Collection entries
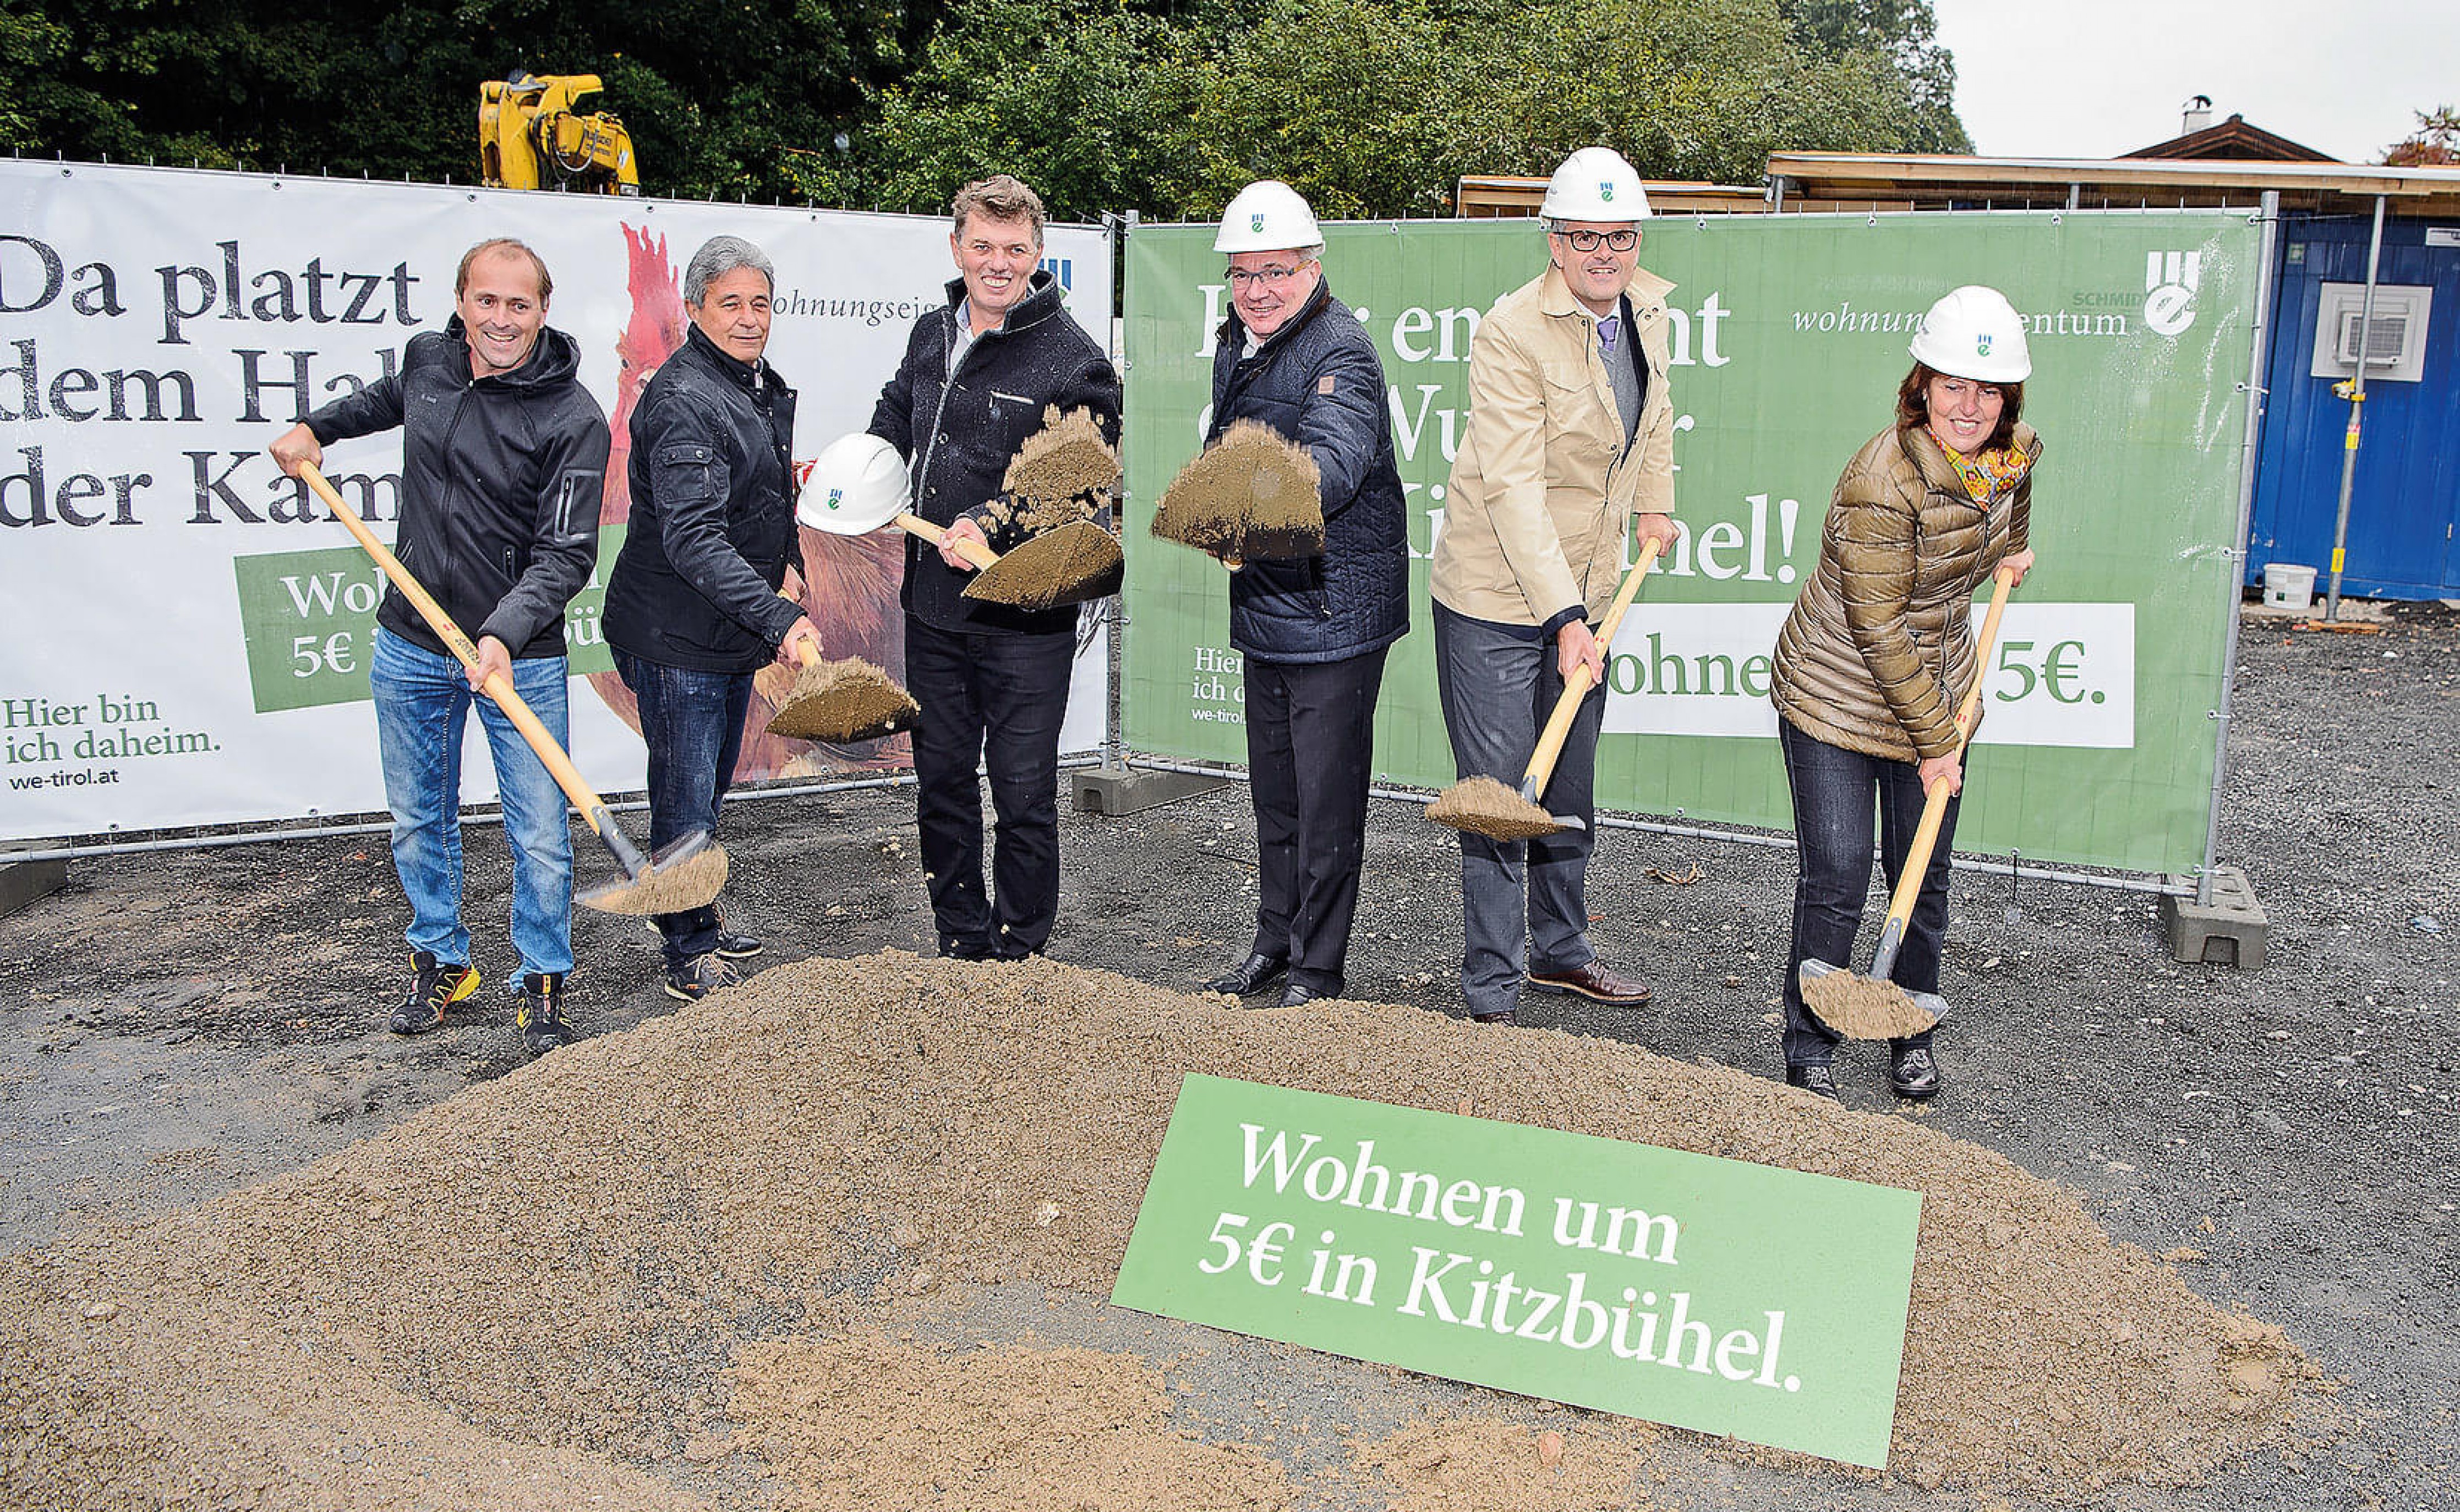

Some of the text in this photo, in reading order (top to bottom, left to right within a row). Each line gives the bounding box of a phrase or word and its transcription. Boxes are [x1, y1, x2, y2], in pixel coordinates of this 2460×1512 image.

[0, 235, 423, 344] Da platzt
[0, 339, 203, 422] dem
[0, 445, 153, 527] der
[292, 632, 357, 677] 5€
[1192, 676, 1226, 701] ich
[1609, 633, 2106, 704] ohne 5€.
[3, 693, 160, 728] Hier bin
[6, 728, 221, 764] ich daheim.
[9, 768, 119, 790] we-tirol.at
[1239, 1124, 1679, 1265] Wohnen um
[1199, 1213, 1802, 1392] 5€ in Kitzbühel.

**WHAT TO PRODUCE:** Every line of the data above should be quoted exactly. Omit the pictures.

**ANSWER TO THE EXERCISE:**
Some of the text in this photo, in reading order (top to bottom, left to right within a row). Each line gives the bounding box of a phrase or word and its transcription. Boxes are [x1, y1, x2, y2], in pixel coordinates of this 2460×1512 image.

[0, 235, 423, 344] Da platzt
[0, 339, 203, 422] dem
[0, 445, 153, 527] der
[292, 632, 357, 677] 5€
[1192, 676, 1226, 701] ich
[1609, 633, 2106, 704] ohne 5€.
[3, 693, 160, 728] Hier bin
[6, 728, 221, 764] ich daheim.
[9, 768, 119, 790] we-tirol.at
[1239, 1124, 1679, 1265] Wohnen um
[1199, 1213, 1802, 1392] 5€ in Kitzbühel.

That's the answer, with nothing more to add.